Wappatomica was a British trading post. Here Kenton met an old comrade, Simon Girty, who had become a renegade, had joined the Indians, and had so adopted their dress and manners as hardly to be distinguished from his savage associates. Girty cautiously endeavored to save the condemned prisoner. He represented to the band that it would be of great advantage to them to have possession of one so intimately acquainted with all the white settlements and their resources.
A respite was granted. Another council was held. The spirit of Indian revenge prevailed. Kenton was again doomed to death, to be preceded by the terrible ordeal of running the gauntlet.
But a British officer, influenced by the persuasions of the Indian chief Logan, the friend of the white man, urged upon the Indian chiefs that the British officers at Detroit would regard the possession of Kenton, with the information he had at his command, as a great acquisition, and that they would pay for him a ransom of at least one hundred dollars. They took him to Detroit; the ransom was paid, and Kenton became the prisoner of the British officers, instead of the savage chieftains. Still he was a prisoner, though treated with ordinary humanity, and was allowed the liberty of the town.
There were two other American captives there, Captain Nathan Bullit and Jesse Coffer. Escape seemed impossible, as it could only be effected through a wilderness four hundred miles in extent, crowded with wandering Indian bands, where they would be imminently exposed to recapture, or to death by starvation.

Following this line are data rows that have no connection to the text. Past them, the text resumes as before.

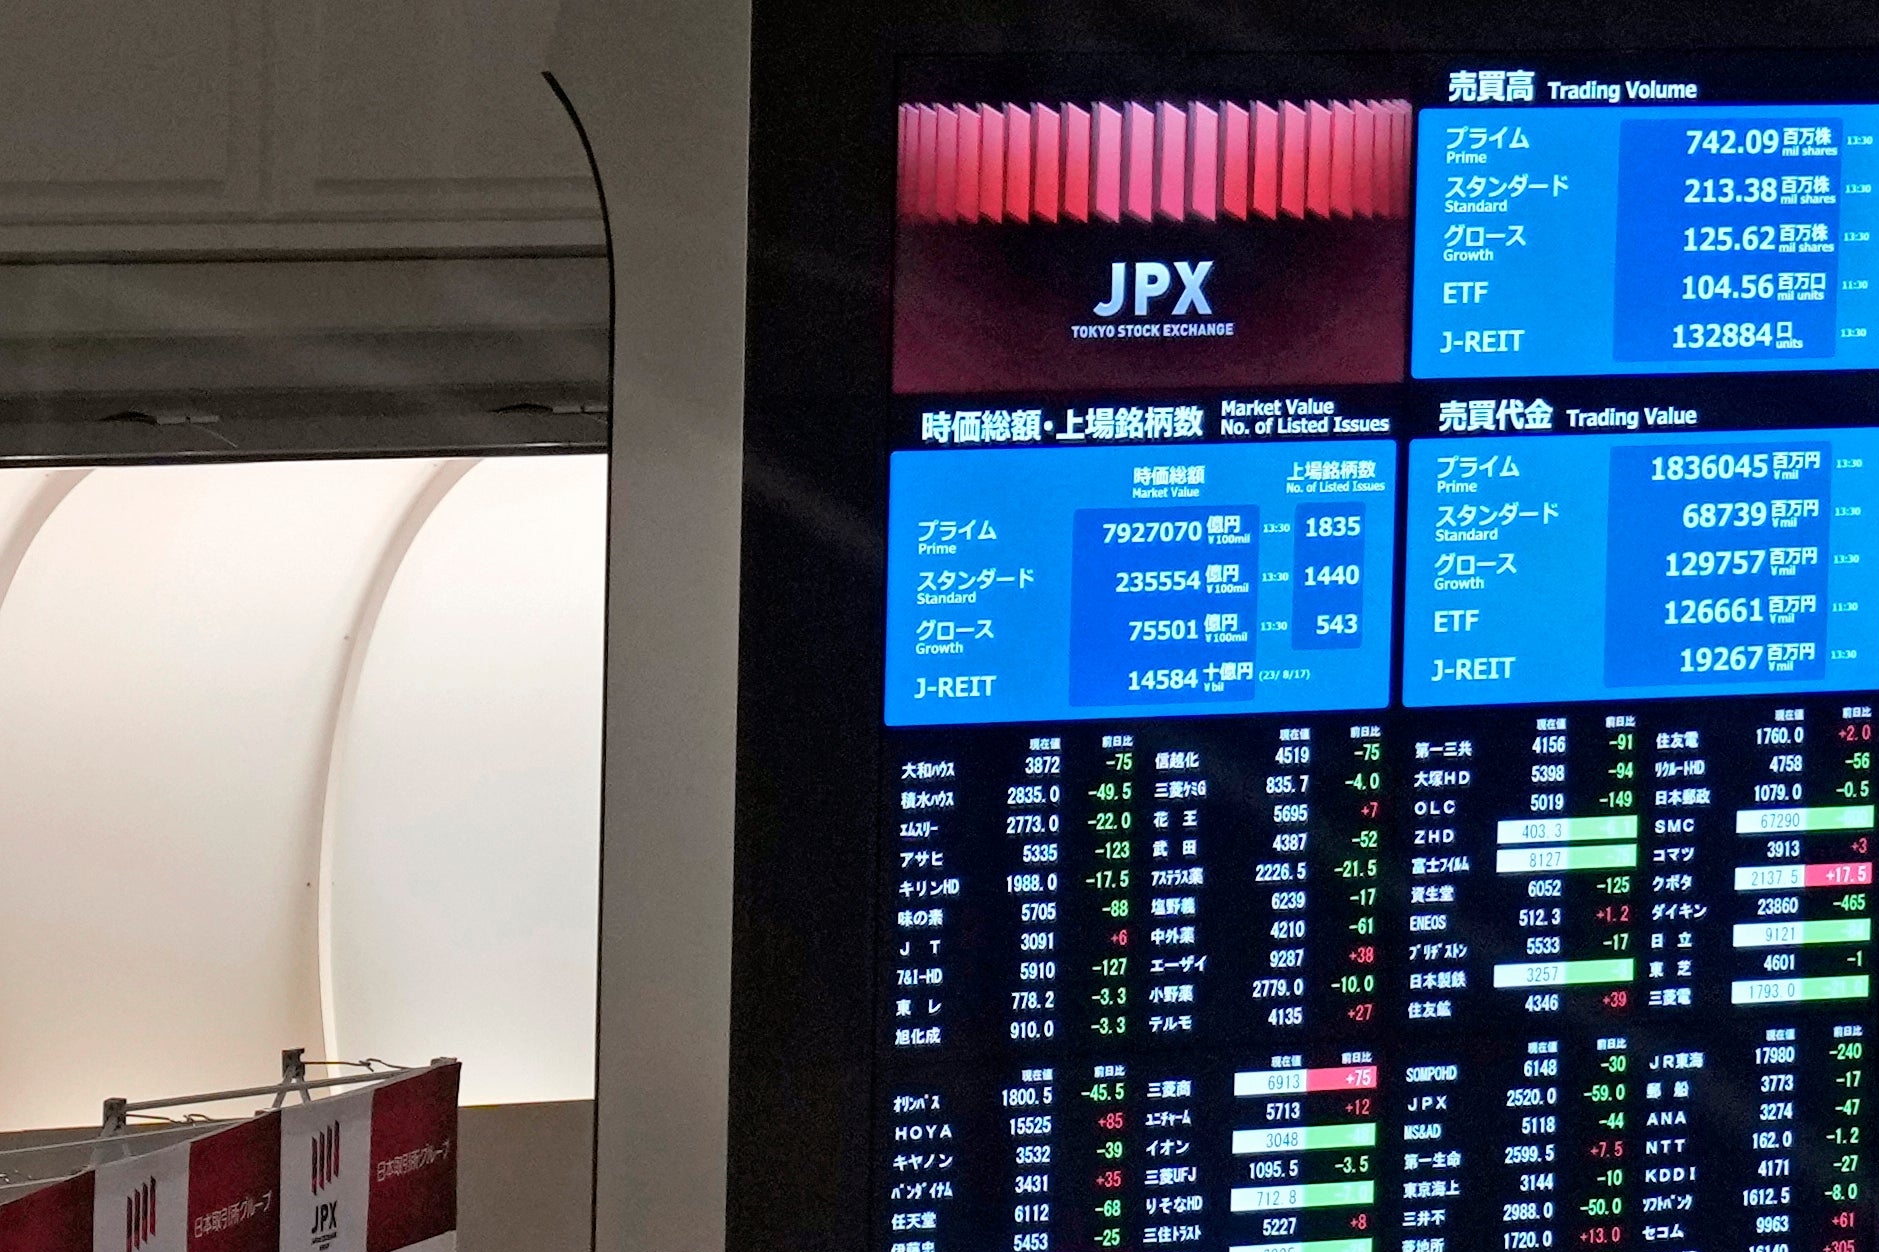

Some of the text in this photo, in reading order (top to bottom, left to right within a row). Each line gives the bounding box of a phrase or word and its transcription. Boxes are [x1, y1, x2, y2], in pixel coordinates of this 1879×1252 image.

[1449, 70, 1697, 103] 売買高 Trading Volume
[1447, 127, 1529, 149] プライム
[1687, 127, 1831, 154] 742.09 百万株
[1446, 175, 1568, 197] スタンダード
[1685, 178, 1777, 202] 213.38
[1445, 225, 1526, 246] グロース
[1684, 226, 1775, 251] 125.62
[1093, 261, 1214, 316] JPX
[1444, 282, 1488, 303] ETF
[1683, 272, 1827, 299] 104.56 百万口
[1441, 330, 1524, 353] J-REIT
[1673, 323, 1772, 348] 132884
[1439, 399, 1697, 431] 売買代金 Trading Value
[1134, 466, 1205, 485] 時価総額
[1287, 461, 1375, 480] 上場銘柄数
[1652, 454, 1767, 480] 1836045
[1683, 502, 1766, 528] 68739
[919, 520, 996, 541] プライム
[1103, 521, 1202, 543] 7927070
[1306, 517, 1360, 537] 1835
[1666, 550, 1765, 576] 129757
[918, 569, 1033, 591] スタンダード
[1116, 571, 1201, 592] 235554
[1305, 565, 1359, 585] 1440
[1435, 610, 1479, 632] ETF
[1665, 598, 1763, 624] 126661
[917, 620, 993, 640] グロース
[1129, 620, 1198, 640] 75501
[1317, 614, 1357, 634] 543
[1432, 657, 1515, 681] J-REIT
[1681, 646, 1763, 672] 19267
[1129, 662, 1253, 690] 14584 十億円
[915, 676, 996, 698] J-REIT
[1532, 736, 1566, 753] 4156
[1025, 753, 1132, 774] 3872 -75
[1023, 843, 1058, 862] 5335
[1767, 840, 1800, 857] 3913
[1528, 879, 1561, 897] 6052
[1021, 902, 1056, 921] 5705
[1758, 897, 1799, 915] 23860
[1270, 920, 1305, 939] 4210
[1410, 914, 1447, 931] ENEOS
[1270, 948, 1304, 967] 9287
[1268, 1007, 1303, 1025] 4135
[1408, 1095, 1556, 1134] JPX 5118
[1010, 1116, 1051, 1135] 15525
[1758, 1158, 1789, 1176] 4171
[311, 1201, 337, 1234] JPX
[1015, 1204, 1049, 1222] 6112

Simon Kenton was a very handsome man. He won the sympathies of a very kind English woman, Mrs. Harvey, the wife of one of the traders at the post. She secretly obtained for him and his two companions, and concealed in a hollow tree, powder, lead, moccasins, and a quantity of dried beef. One dark night, when the Indians were engaged in a drunken bout, she met Kenton in the garden and handed him three of the best rifles, which she had selected from those stacked near the house. The biographer of these events writes:
"When a woman engages to do an action, she will risk limb, life or character, to serve him whom she respects or wishes to befriend. How differently the same action would be viewed by different persons! By Kenton and his friends her conduct was viewed as the benevolent conduct of a good angel; while if the part she played in behalf of Kenton and his companions had been known to the commander at Detroit, she would have been looked upon as a traitress, who merited the scorn and contempt of all honest citizens. This night was the last that Kenton ever saw or heard of her."

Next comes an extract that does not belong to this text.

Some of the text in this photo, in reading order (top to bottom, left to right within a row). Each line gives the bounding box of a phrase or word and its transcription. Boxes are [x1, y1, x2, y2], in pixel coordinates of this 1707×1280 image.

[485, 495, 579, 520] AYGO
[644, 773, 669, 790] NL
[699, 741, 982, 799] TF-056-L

Our fugitives traveled mostly by night, guided by the stars. After passing through a series of wonderful adventures, which we have not space here to record, on the thirty-third day of their escape, they reached the settlement at the Falls of the Ohio, now Louisville. During the rest of the war, Kenton was a very active partisan. He died in the year 1836, over eighty years of age, having been for more than a quarter of a century an honored member of the Methodist Church.